━━━━━ Material to process ━━━━━

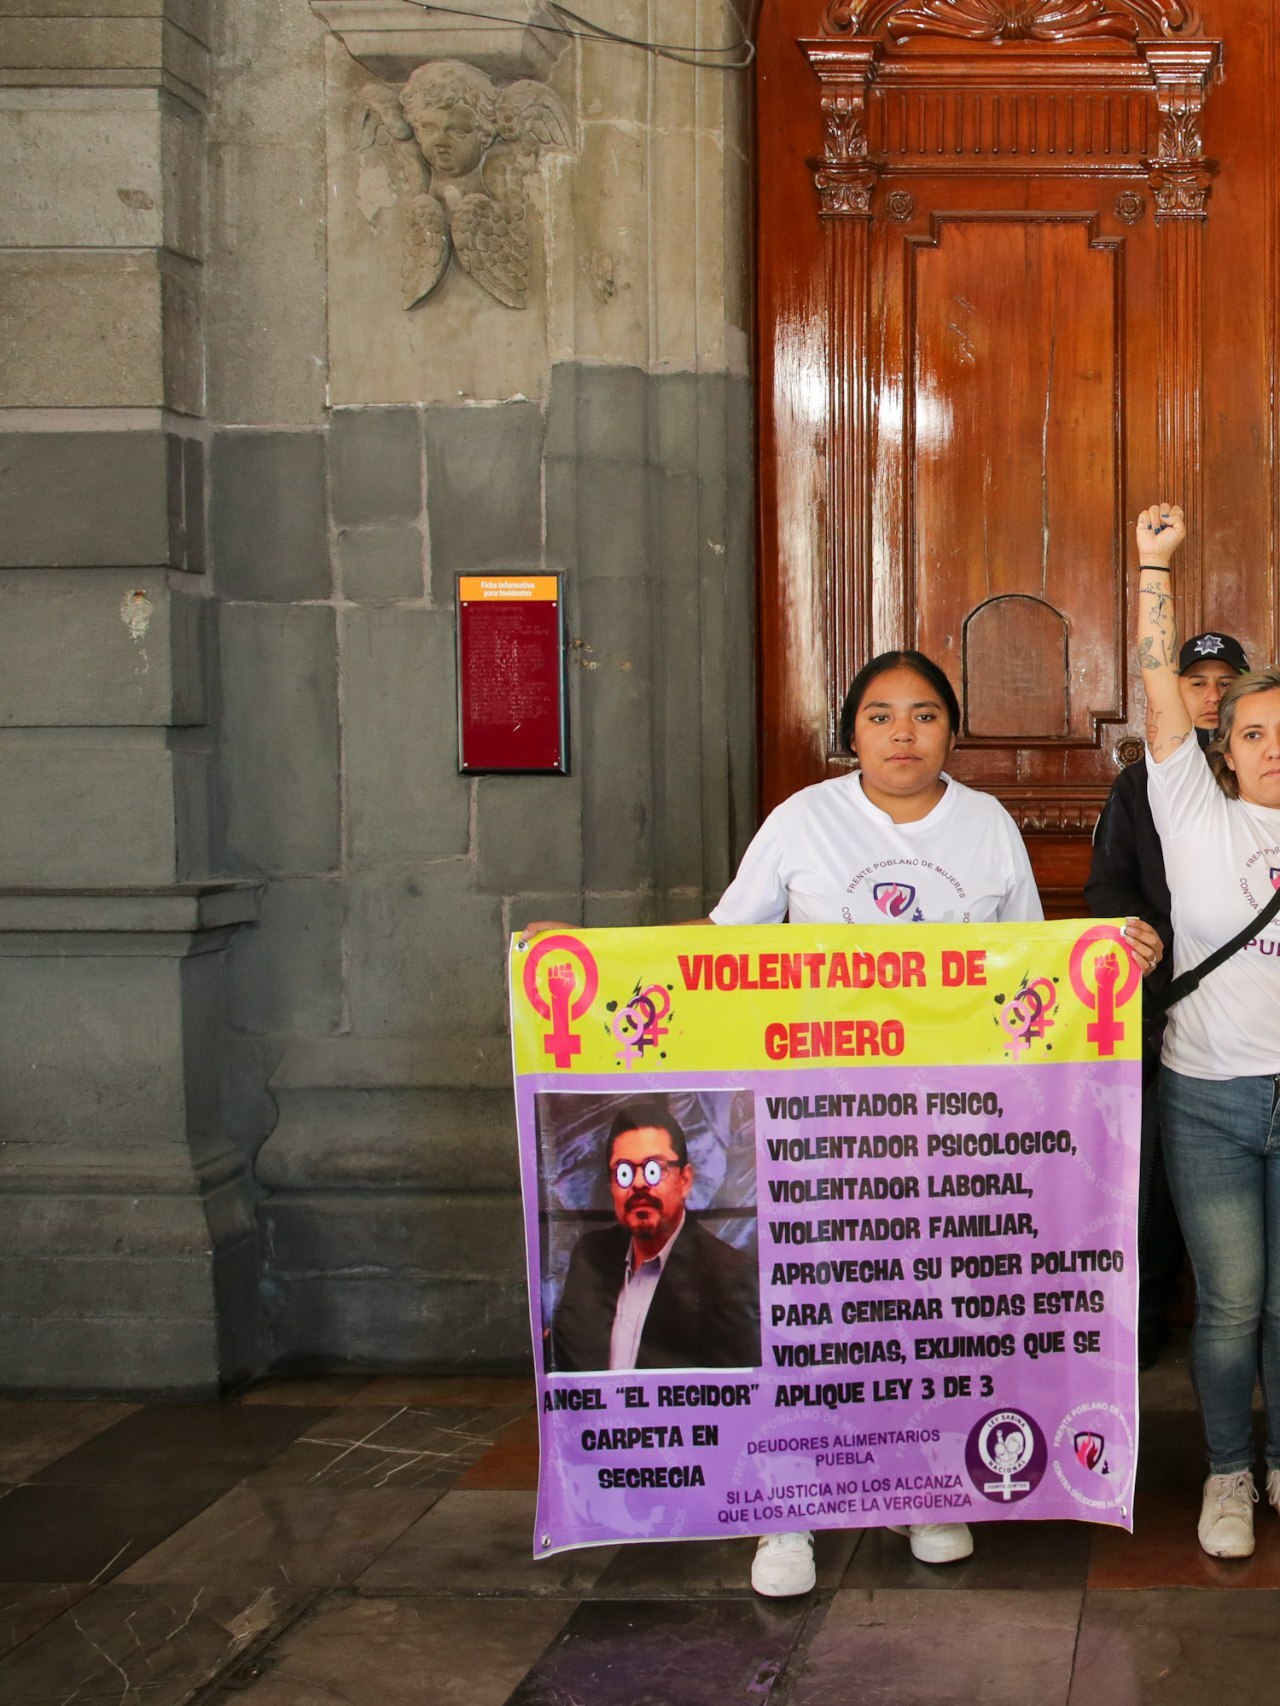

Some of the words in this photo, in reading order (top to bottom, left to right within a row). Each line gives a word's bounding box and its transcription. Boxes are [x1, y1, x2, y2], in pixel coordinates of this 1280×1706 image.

[846, 867, 875, 895] FRENTE
[872, 858, 920, 872] POBLANO
[921, 859, 934, 870] DE
[934, 865, 966, 900] MUJERES
[1239, 876, 1260, 911] CONTRA
[677, 950, 927, 992] VIOLENTADOR
[942, 949, 988, 987] DE
[764, 1019, 906, 1061] GENERO
[765, 1092, 918, 1121] VIOLENTADOR
[926, 1091, 1004, 1118] FISICO,
[766, 1134, 919, 1162] VIOLENTADOR
[927, 1129, 1077, 1158] PSICOLOGICO,
[768, 1175, 920, 1204] VIOLENTADOR
[928, 1172, 1034, 1199] LABORAL,
[769, 1217, 921, 1245] VIOLENTADOR
[929, 1213, 1039, 1240] FAMILIAR,
[771, 1259, 904, 1286] APROVECHA
[913, 1257, 942, 1281] SU
[950, 1253, 1023, 1279] PODER
[1031, 1249, 1124, 1275] POLITICO
[771, 1301, 833, 1327] PARA
[841, 1297, 943, 1325] GENERAR
[952, 1293, 1026, 1319] TODAS
[1033, 1290, 1105, 1315] ESTAS
[772, 1339, 907, 1368] VIOLENCIAS,
[914, 1333, 1016, 1360] EXIJIMOS
[1023, 1331, 1066, 1359] QUE
[1073, 1330, 1101, 1353] SE
[543, 1388, 607, 1414] ANGEL
[775, 1382, 865, 1409] APLIQUE
[873, 1378, 913, 1402] LEY
[921, 1377, 936, 1400] 3
[943, 1375, 972, 1398] DE
[980, 1375, 994, 1397] 3
[1001, 1414, 1026, 1428] SABINA
[581, 1425, 684, 1451] CARPETA
[692, 1425, 719, 1446] EN
[747, 1435, 829, 1455] DEUDORES
[832, 1429, 940, 1448] ALIMENTARIOS
[815, 1451, 875, 1467] PUEBLA
[598, 1465, 705, 1489] SECRECIA
[726, 1491, 742, 1506] SI
[744, 1489, 764, 1504] LA
[767, 1482, 832, 1502] JUSTICIA
[836, 1480, 858, 1496] NO
[862, 1478, 892, 1493] LOS
[895, 1475, 963, 1491] ALCANZA
[718, 1508, 750, 1524] QUE
[754, 1504, 783, 1520] LOS
[787, 1499, 857, 1518] ALCANCE
[861, 1497, 880, 1513] LA
[883, 1492, 972, 1511] VERGÜENZA

━━━━━

Reproduce each entry above word for word. Pictures are not part of the copy.

Reply —
Some of the words in this photo, in reading order (top to bottom, left to right within a row). Each line gives a word's bounding box and its transcription. Boxes are [x1, y1, x2, y2], in pixel coordinates of this 1280×1706 image.

[846, 867, 875, 895] FRENTE
[872, 858, 920, 872] POBLANO
[921, 859, 934, 870] DE
[934, 865, 966, 900] MUJERES
[1239, 876, 1260, 911] CONTRA
[677, 950, 927, 992] VIOLENTADOR
[942, 949, 988, 987] DE
[764, 1019, 906, 1061] GENERO
[765, 1092, 918, 1121] VIOLENTADOR
[926, 1091, 1004, 1118] FISICO,
[766, 1134, 919, 1162] VIOLENTADOR
[927, 1129, 1077, 1158] PSICOLOGICO,
[768, 1175, 920, 1204] VIOLENTADOR
[928, 1172, 1034, 1199] LABORAL,
[769, 1217, 921, 1245] VIOLENTADOR
[929, 1213, 1039, 1240] FAMILIAR,
[771, 1259, 904, 1286] APROVECHA
[913, 1257, 942, 1281] SU
[950, 1253, 1023, 1279] PODER
[1031, 1249, 1124, 1275] POLITICO
[771, 1301, 833, 1327] PARA
[841, 1297, 943, 1325] GENERAR
[952, 1293, 1026, 1319] TODAS
[1033, 1290, 1105, 1315] ESTAS
[772, 1339, 907, 1368] VIOLENCIAS,
[914, 1333, 1016, 1360] EXIJIMOS
[1023, 1331, 1066, 1359] QUE
[1073, 1330, 1101, 1353] SE
[543, 1388, 607, 1414] ANGEL
[775, 1382, 865, 1409] APLIQUE
[873, 1378, 913, 1402] LEY
[921, 1377, 936, 1400] 3
[943, 1375, 972, 1398] DE
[980, 1375, 994, 1397] 3
[1001, 1414, 1026, 1428] SABINA
[581, 1425, 684, 1451] CARPETA
[692, 1425, 719, 1446] EN
[747, 1435, 829, 1455] DEUDORES
[832, 1429, 940, 1448] ALIMENTARIOS
[815, 1451, 875, 1467] PUEBLA
[598, 1465, 705, 1489] SECRECIA
[726, 1491, 742, 1506] SI
[744, 1489, 764, 1504] LA
[767, 1482, 832, 1502] JUSTICIA
[836, 1480, 858, 1496] NO
[862, 1478, 892, 1493] LOS
[895, 1475, 963, 1491] ALCANZA
[718, 1508, 750, 1524] QUE
[754, 1504, 783, 1520] LOS
[787, 1499, 857, 1518] ALCANCE
[861, 1497, 880, 1513] LA
[883, 1492, 972, 1511] VERGÜENZA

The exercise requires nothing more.